En esta, la octava película de Rocky Balboa, Sylvester Stallone acata el manual del género deportivo con su personaje emblema, al ceder finalmente el podio a su discípulo Adonis Creed (Michael B. Jordan). La fórmula indica que el aprendiz debe sacrificarse en el entrenamiento superando a su maestro, para luego él mismo, en otra faceta, pasar el trono y convertirse en mentor. Allá por 1990, Stallone había pateado el tablero en Rocky V, cuando Balboa enfrenta a su discípulo y se rehúsa a resignar el estrellato. Recién en Creed, la primera entrega que tiene como protagonista al hijo de Apolo Creed, Rocky oficia de entrenador, aunque tiene su propia lucha –contra el cáncer– que le impide dejarle el protagonismo a su aprendiz. Al fin, en esta segunda parte, Adonis adquiere la atención que merece cuando debe aceptar el reto de Viktor Drago (Florian Munteanu), hijo del ruso Iván Drago (Dolph Lundgreen), quien asesinó en el pasado a su padre.
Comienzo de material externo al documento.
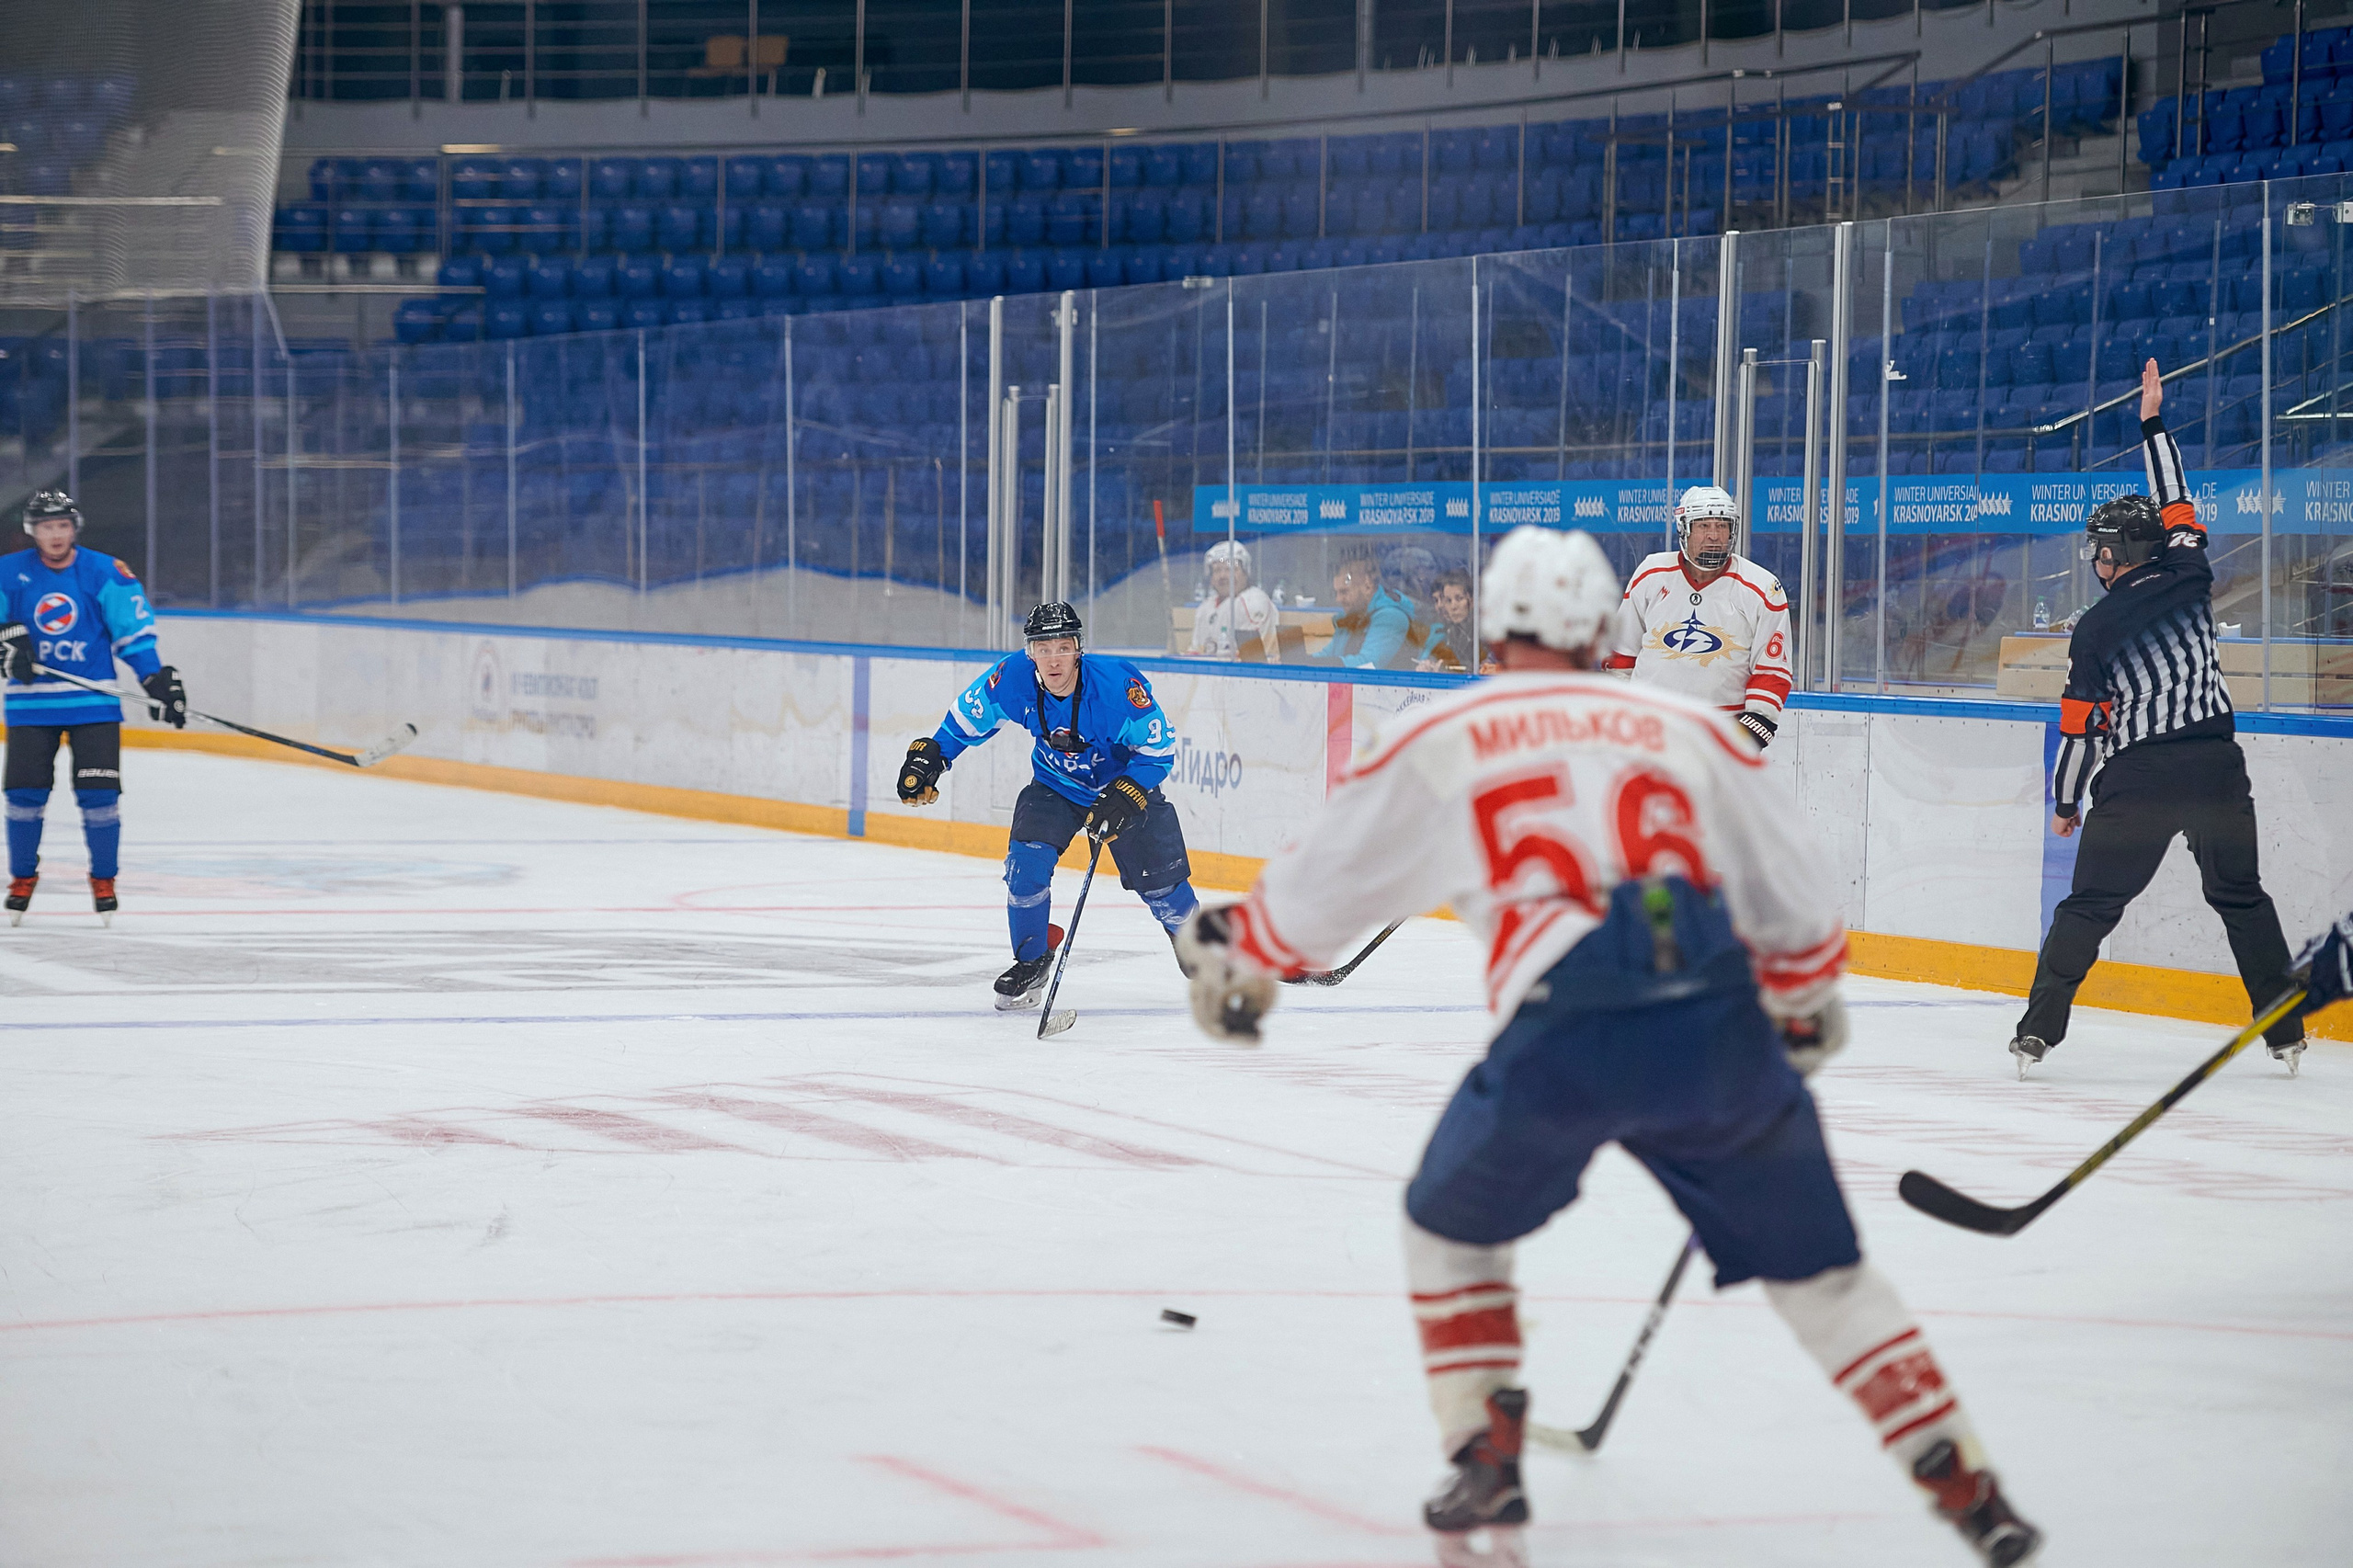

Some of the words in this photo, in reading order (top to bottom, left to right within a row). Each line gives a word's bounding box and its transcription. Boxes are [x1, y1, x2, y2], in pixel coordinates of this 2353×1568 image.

La venganza obsesiona al joven boxeador, distanciándolo de sus afectos, tanto de su mujer y su hija como de Balboa. La película corre con la misma suerte que la saga original: si Creed: corazón de campeón rememoraba a la primera y mejor de la saga, esta continuación imita a Rocky IV, la más exitosa, con la familia como valor a conservar. Stallone vuelve a intervenir en la escritura guiando el destino del personaje que lo llevó a la fama y, a sus 72 años, sabe que es hora de mirar las peleas desde abajo del cuadrilátero. Aunque con Rocky, nunca se sabe.